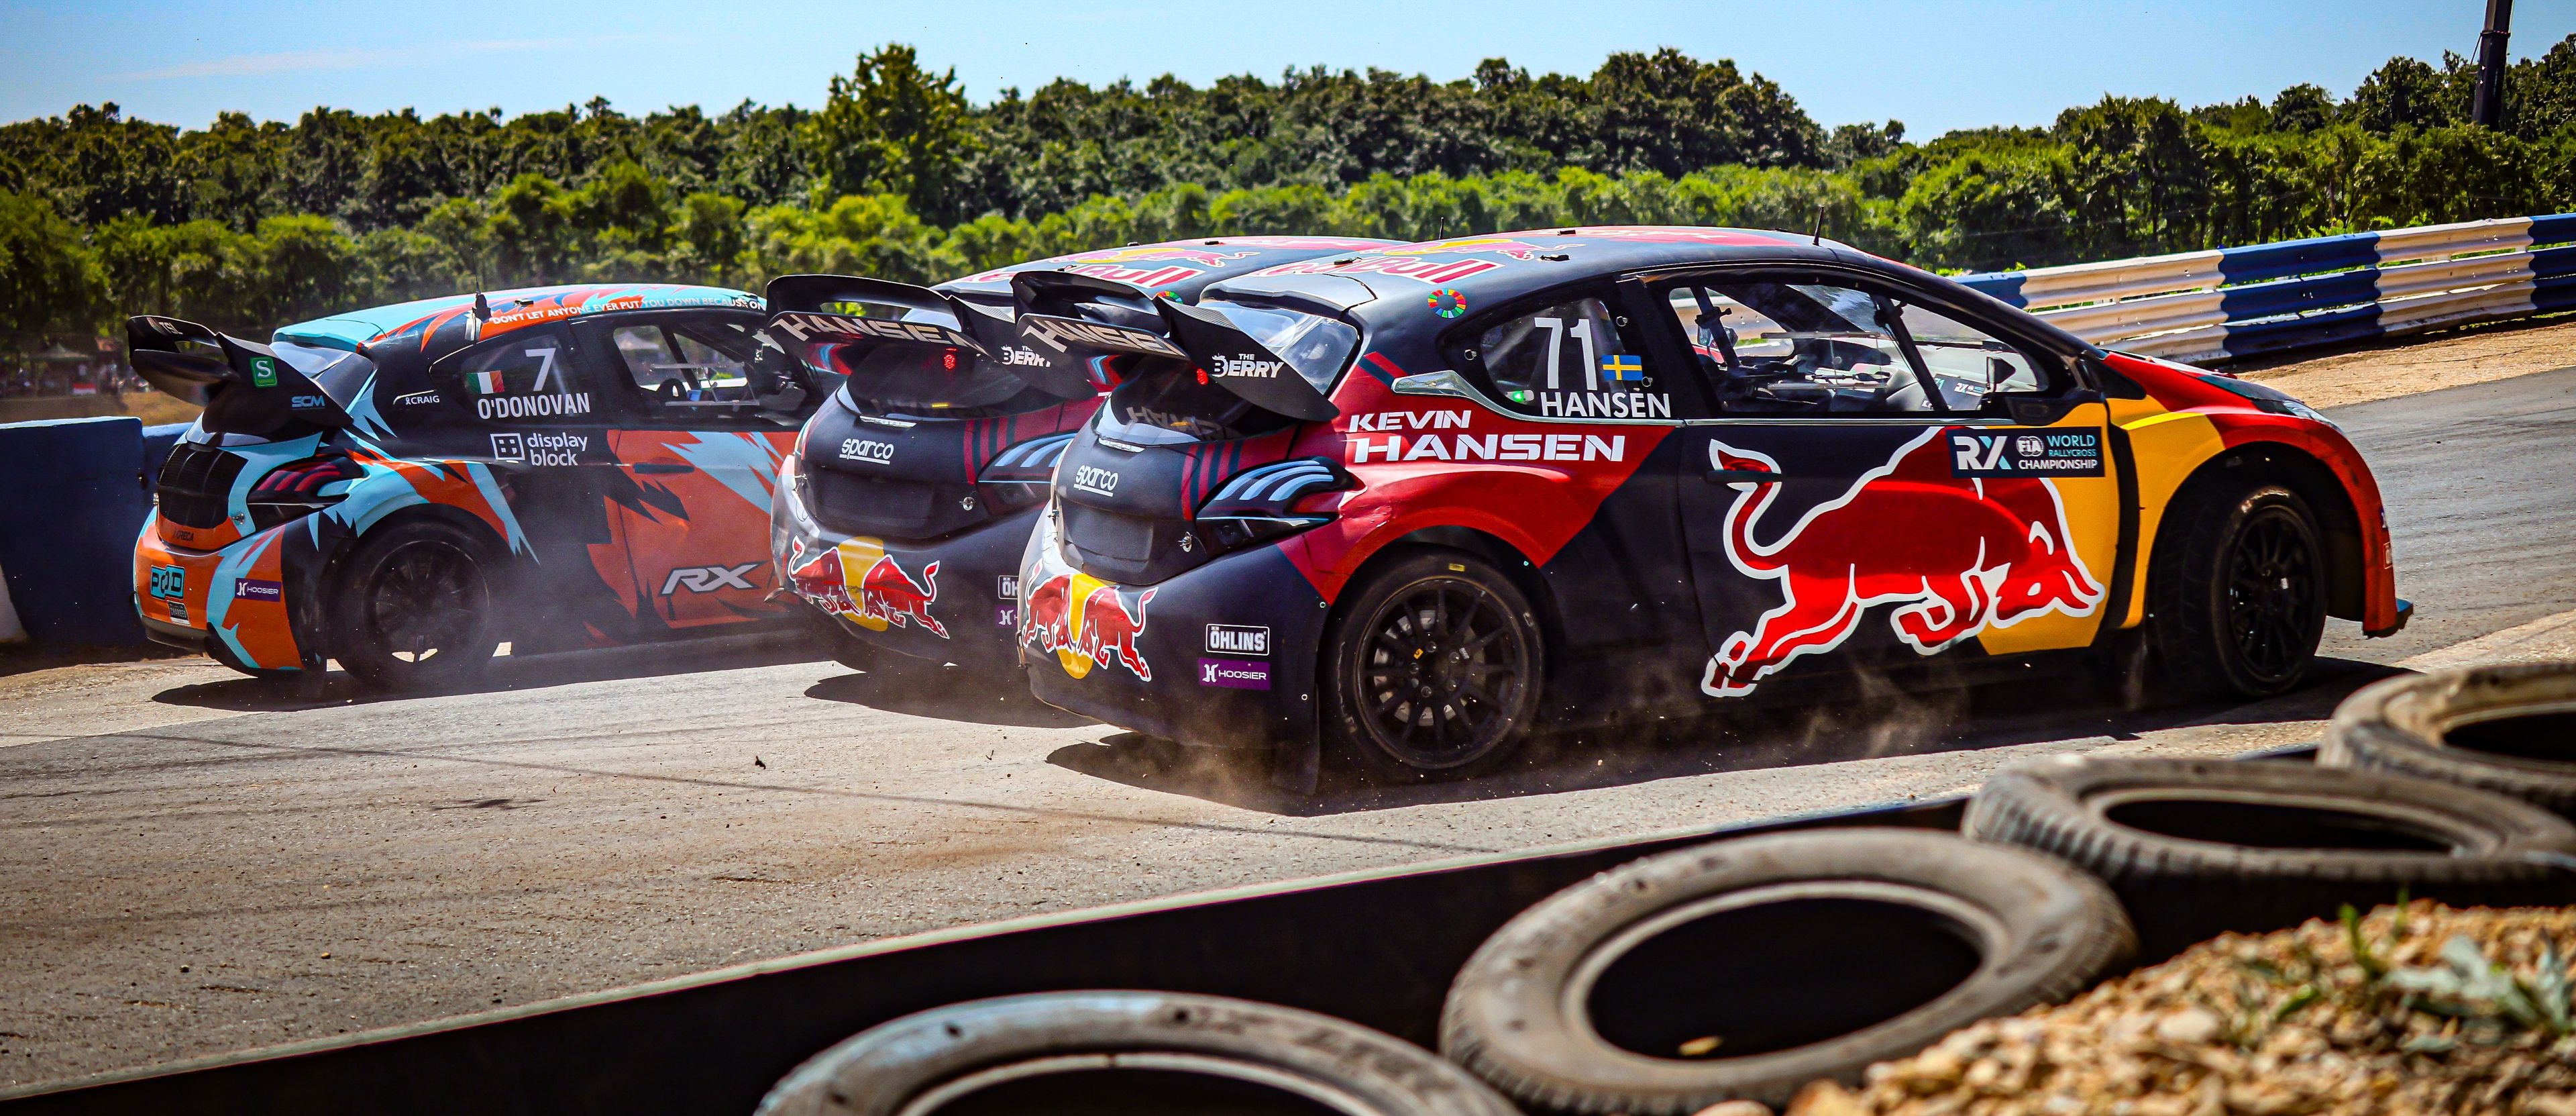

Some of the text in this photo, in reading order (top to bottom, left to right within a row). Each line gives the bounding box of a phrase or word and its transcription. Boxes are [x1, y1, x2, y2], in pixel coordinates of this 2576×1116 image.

[529, 311, 543, 319] LET
[548, 303, 592, 317] ANYONE
[594, 302, 620, 311] EVER
[621, 301, 639, 309] PUT
[642, 299, 664, 307] YOU
[667, 297, 699, 306] DOWN
[1534, 317, 1597, 391] 71
[256, 360, 272, 377] S
[525, 348, 556, 391] 7
[1212, 356, 1285, 378] BERRY
[292, 395, 325, 407] SCM
[411, 395, 440, 404] CRAIG
[478, 393, 590, 419] O'DONOVAN
[1540, 392, 1671, 418] HANSEN
[1349, 410, 1472, 433] KEVIN
[527, 433, 588, 452] display
[841, 438, 894, 460] sparco
[1349, 434, 1626, 463] HANSEN
[2047, 436, 2095, 447] WORLD
[530, 450, 578, 466] block
[1953, 436, 2012, 470] RX
[2049, 449, 2096, 457] RALLYCROSS
[2019, 460, 2098, 470] CHAMPIONSHIP
[1075, 465, 1118, 491] sparco
[660, 564, 759, 595] RX
[247, 587, 279, 595] HOOSIER
[1210, 626, 1265, 652] ÖHLINS
[1218, 670, 1267, 680] HOOSIER
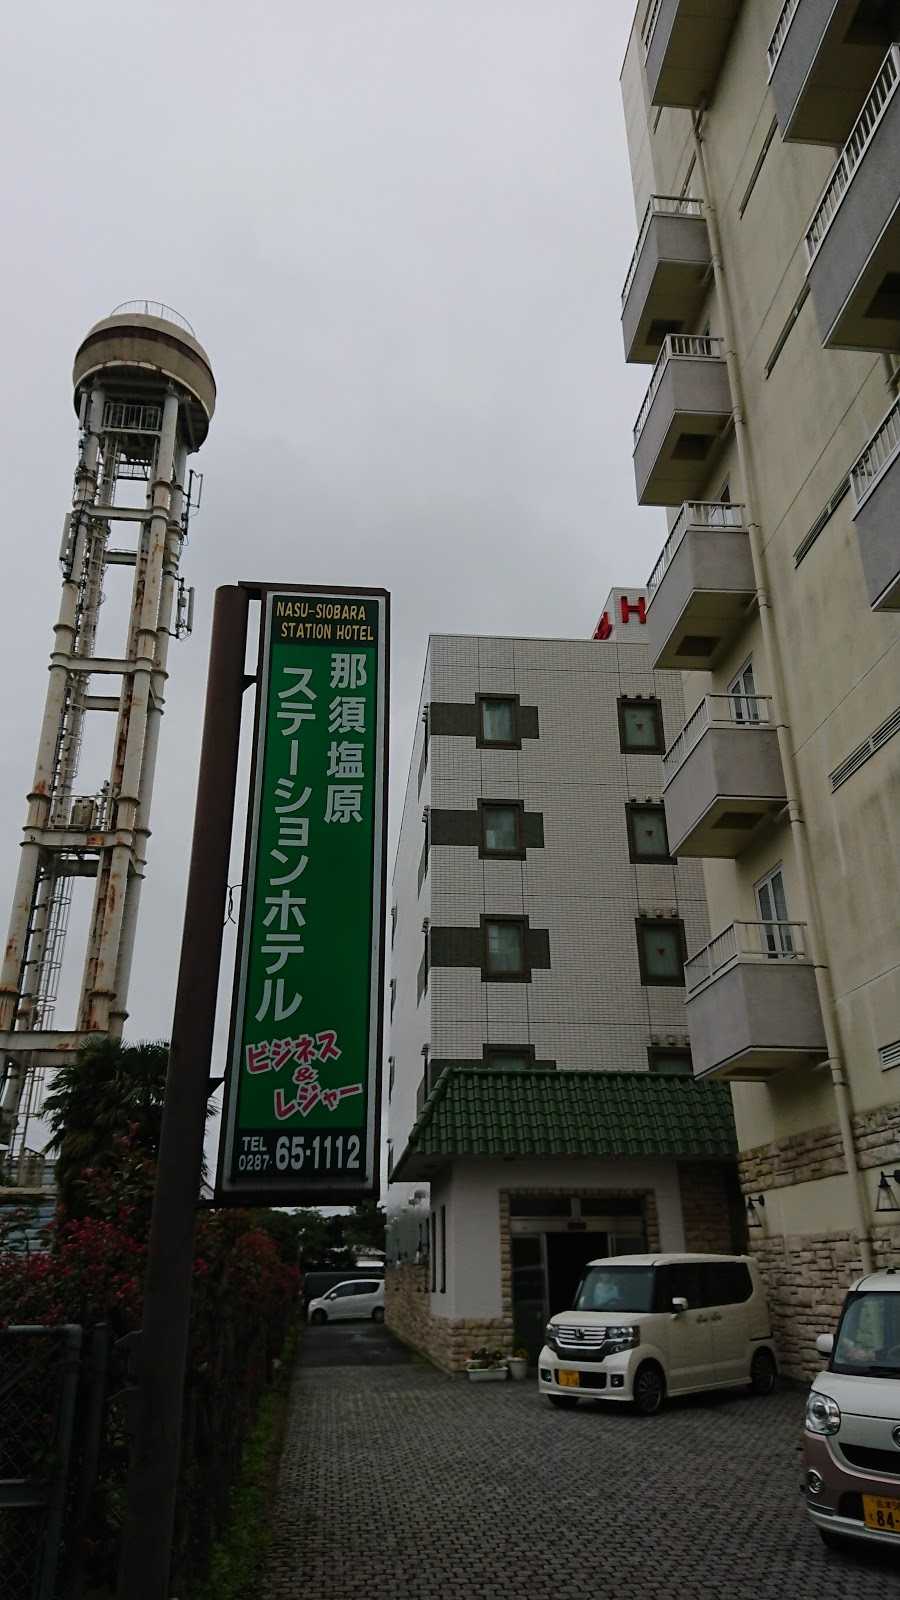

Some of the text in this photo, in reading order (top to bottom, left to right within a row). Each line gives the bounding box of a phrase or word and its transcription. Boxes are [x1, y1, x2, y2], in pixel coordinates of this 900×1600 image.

[276, 601, 367, 621] NASU-SIOBARA
[280, 622, 374, 641] STATION HOTEL
[323, 652, 368, 825] 那須塩原
[245, 1029, 342, 1075] ビジネス
[292, 1064, 319, 1085] &
[273, 1082, 364, 1121] レジャー
[241, 1136, 268, 1152] TEL
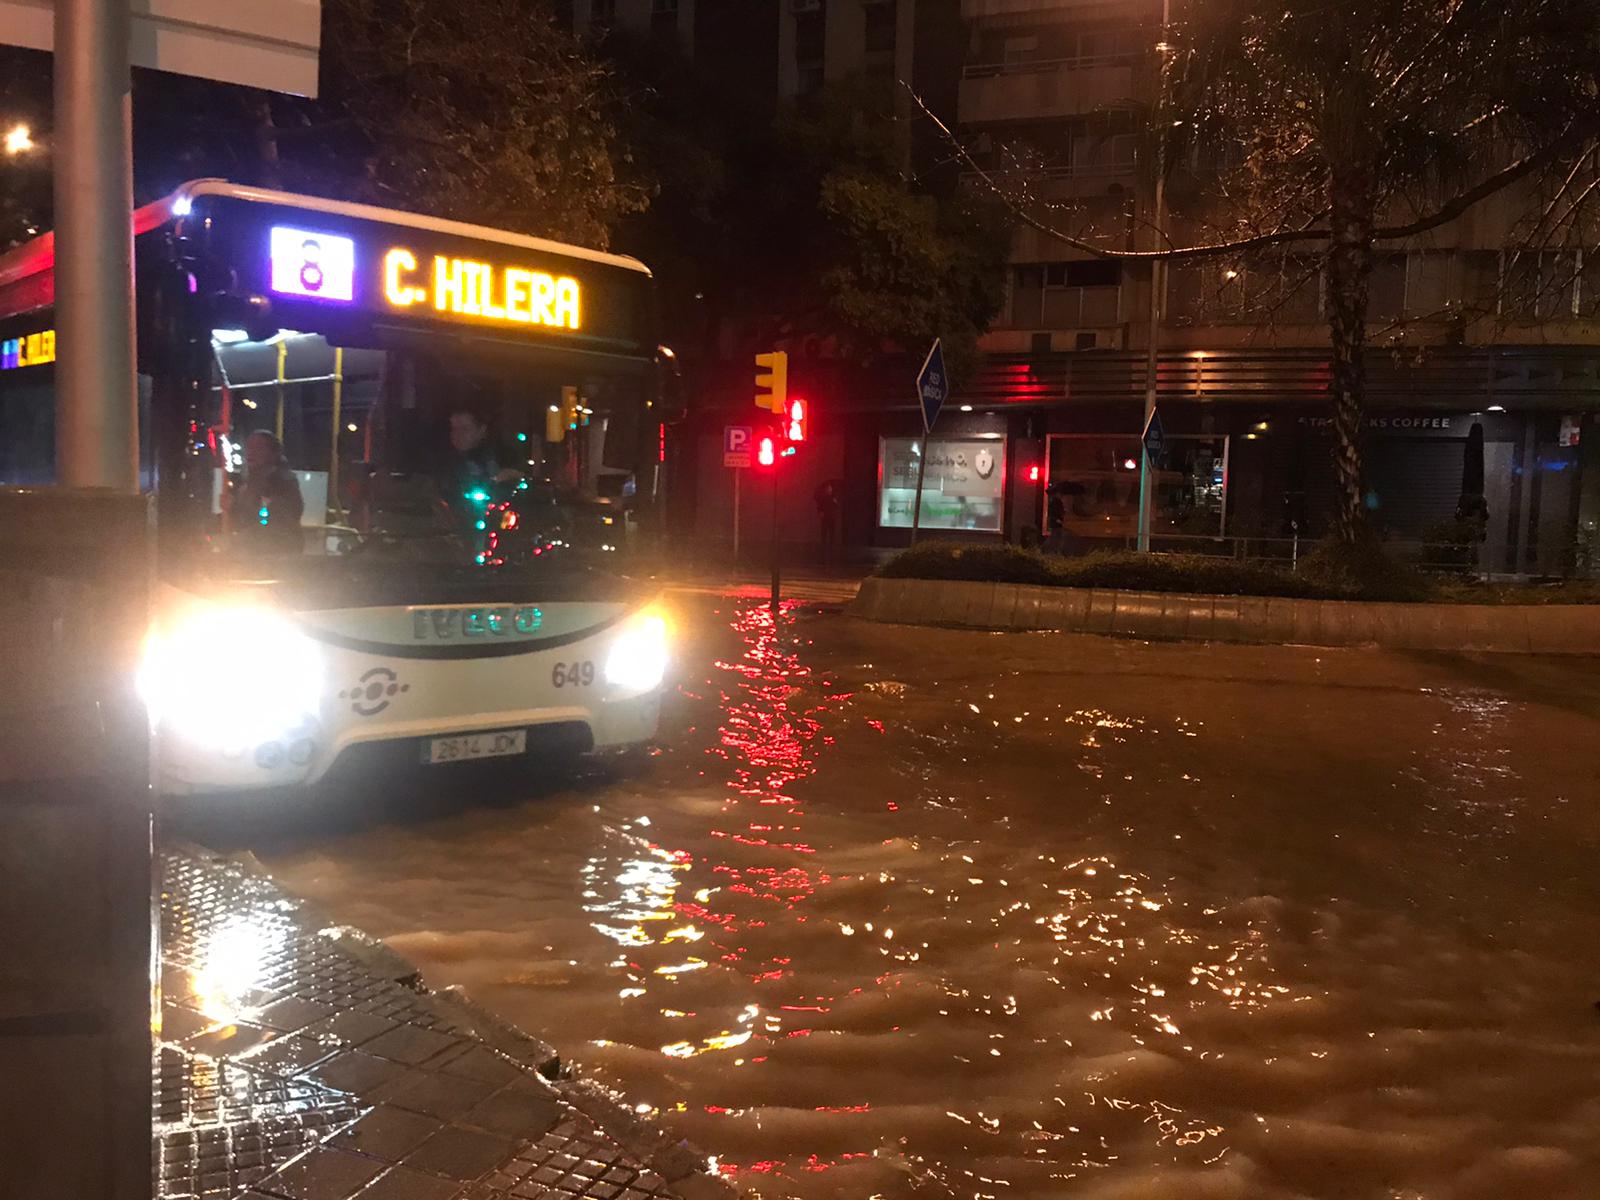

---

WORK TO BE COMPLETED: Could you return each entry word for word, with the images omitted?

ANSWER TO THE PROBLEM:
Some of the text in this photo, in reading order (top to bottom, left to right within a row). Each line gives the bounding box of a phrase or word and its transcription. Boxes are [x1, y1, x2, y2], in pixel coordinates of this 2576×1116 image.

[529, 311, 543, 319] LET
[548, 303, 592, 317] ANYONE
[594, 302, 620, 311] EVER
[621, 301, 639, 309] PUT
[642, 299, 664, 307] YOU
[667, 297, 699, 306] DOWN
[1534, 317, 1597, 391] 71
[256, 360, 272, 377] S
[525, 348, 556, 391] 7
[1212, 356, 1285, 378] BERRY
[292, 395, 325, 407] SCM
[411, 395, 440, 404] CRAIG
[478, 393, 590, 419] O'DONOVAN
[1540, 392, 1671, 418] HANSEN
[1349, 410, 1472, 433] KEVIN
[527, 433, 588, 452] display
[841, 438, 894, 460] sparco
[1349, 434, 1626, 463] HANSEN
[2047, 436, 2095, 447] WORLD
[530, 450, 578, 466] block
[1953, 436, 2012, 470] RX
[2049, 449, 2096, 457] RALLYCROSS
[2019, 460, 2098, 470] CHAMPIONSHIP
[1075, 465, 1118, 491] sparco
[660, 564, 759, 595] RX
[247, 587, 279, 595] HOOSIER
[1210, 626, 1265, 652] ÖHLINS
[1218, 670, 1267, 680] HOOSIER

Some of the text in this photo, in reading order (top to bottom, left to right within a row). Each line gives the bounding box of a phrase or word and its transcription. Boxes are [x1, y1, x2, y2], in pixel coordinates of this 900×1600 image.

[276, 601, 367, 621] NASU-SIOBARA
[280, 622, 374, 641] STATION HOTEL
[323, 652, 368, 825] 那須塩原
[245, 1029, 342, 1075] ビジネス
[292, 1064, 319, 1085] &
[273, 1082, 364, 1121] レジャー
[241, 1136, 268, 1152] TEL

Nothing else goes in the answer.